No caso da soja, a rastreabilidade precisa chegar à propriedade onde o grão foi cultivado. A dificuldade aparece quando cargas de diferentes fazendas são reunidas em armazéns, cooperativas, cerealistas e tradings. A proposta é integrar documentos fiscais, cadastros ambientais, localização das áreas produtoras e registros comerciais, preservando a identificação da origem mesmo depois da mistura física do produto.
Na pecuária, o desafio é maior. Um bovino pode nascer em uma propriedade, passar pela recria em outra e ser terminado em uma terceira antes de chegar ao frigorífico. Atualmente, a indústria consegue fiscalizar com maior facilidade o fornecedor direto, responsável por entregar o animal para abate, mas nem sempre possui visibilidade completa das fazendas anteriores.
A Guia de Trânsito Animal registra a movimentação dos lotes, enquanto o Sistema Brasileiro de Identificação Individual de Bovinos e Búfalos permite acompanhar animais individualmente em cadeias que exigem esse controle. A adesão ao sistema individual, entretanto, ainda não alcança todo o rebanho nacional.
O governo iniciou a implantação do Plano Nacional de Identificação Individual de Bovinos e Búfalos, com execução prevista até 2032. A recomendação do estudo é que frigoríficos e compradores avancem desde já no controle dos fornecedores indiretos, sem esperar a identificação obrigatória de todos os animais.
A carne brasileira ainda enfrenta outro impasse com a União Europeia, que não deve ser confundido com o EUDR. Além da origem ambiental, o bloco exige garantias sobre o controle de determinados antimicrobianos durante todo o ciclo de vida dos animais. A Comissão Europeia anunciou a retirada do Brasil da lista de países autorizados a fornecer carnes e outros produtos de origem animal a partir de 3 de setembro de 2026, caso não considere suficientes as garantias apresentadas.
O governo brasileiro sustenta que possui um sistema oficial confiável e que somente certificará produtos que cumprirem integralmente as exigências europeias. O ponto de divergência é a cobrança de uma comprovação prévia para medidas implementadas progressivamente ao longo do ciclo produtivo. Na avicultura, esse ciclo pode ser concluído em cerca de 40 dias; na bovinocultura, a formação de animais plenamente elegíveis pode levar dois anos ou mais.

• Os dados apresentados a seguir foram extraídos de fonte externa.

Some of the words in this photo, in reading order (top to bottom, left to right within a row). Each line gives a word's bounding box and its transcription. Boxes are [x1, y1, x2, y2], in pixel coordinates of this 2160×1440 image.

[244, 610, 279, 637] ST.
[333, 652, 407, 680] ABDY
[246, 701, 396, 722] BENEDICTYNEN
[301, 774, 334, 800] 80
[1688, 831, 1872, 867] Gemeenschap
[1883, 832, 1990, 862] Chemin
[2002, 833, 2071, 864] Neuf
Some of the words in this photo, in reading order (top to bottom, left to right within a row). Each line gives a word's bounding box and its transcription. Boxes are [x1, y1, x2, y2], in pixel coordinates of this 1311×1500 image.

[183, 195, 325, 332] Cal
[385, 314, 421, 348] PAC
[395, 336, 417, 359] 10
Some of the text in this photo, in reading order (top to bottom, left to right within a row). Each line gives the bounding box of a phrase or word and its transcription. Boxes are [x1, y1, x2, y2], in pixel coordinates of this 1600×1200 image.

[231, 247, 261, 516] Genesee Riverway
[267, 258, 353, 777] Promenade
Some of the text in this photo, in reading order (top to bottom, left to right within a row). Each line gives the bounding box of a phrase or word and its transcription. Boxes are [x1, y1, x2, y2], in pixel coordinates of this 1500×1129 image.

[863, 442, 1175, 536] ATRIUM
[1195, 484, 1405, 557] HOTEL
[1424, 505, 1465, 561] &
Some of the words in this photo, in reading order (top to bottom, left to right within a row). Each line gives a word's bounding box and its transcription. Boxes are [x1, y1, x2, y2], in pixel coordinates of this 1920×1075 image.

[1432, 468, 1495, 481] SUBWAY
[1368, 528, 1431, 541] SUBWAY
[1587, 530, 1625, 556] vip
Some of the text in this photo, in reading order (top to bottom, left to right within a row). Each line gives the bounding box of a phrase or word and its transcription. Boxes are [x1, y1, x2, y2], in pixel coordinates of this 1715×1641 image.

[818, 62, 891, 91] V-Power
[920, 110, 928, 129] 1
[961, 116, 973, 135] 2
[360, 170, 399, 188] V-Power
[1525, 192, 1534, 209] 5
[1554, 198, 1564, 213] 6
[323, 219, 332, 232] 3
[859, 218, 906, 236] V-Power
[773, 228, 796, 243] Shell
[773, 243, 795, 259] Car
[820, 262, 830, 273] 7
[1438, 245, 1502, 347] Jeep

Assim, a carne brasileira enfrenta duas frentes distintas na Europa: a ambiental, relacionada ao desmatamento e à rastreabilidade da propriedade de origem; e a sanitária, ligada ao uso de antimicrobianos durante a vida do animal. A unificação dos sistemas proposta pelo WRI ajudaria principalmente na primeira frente. Para o produtor, o resultado dependerá de como essa integração será implementada, de quem pagará pela adaptação e de sua capacidade de reduzir burocracia, em vez de acrescentar uma nova camada de exigências ao campo.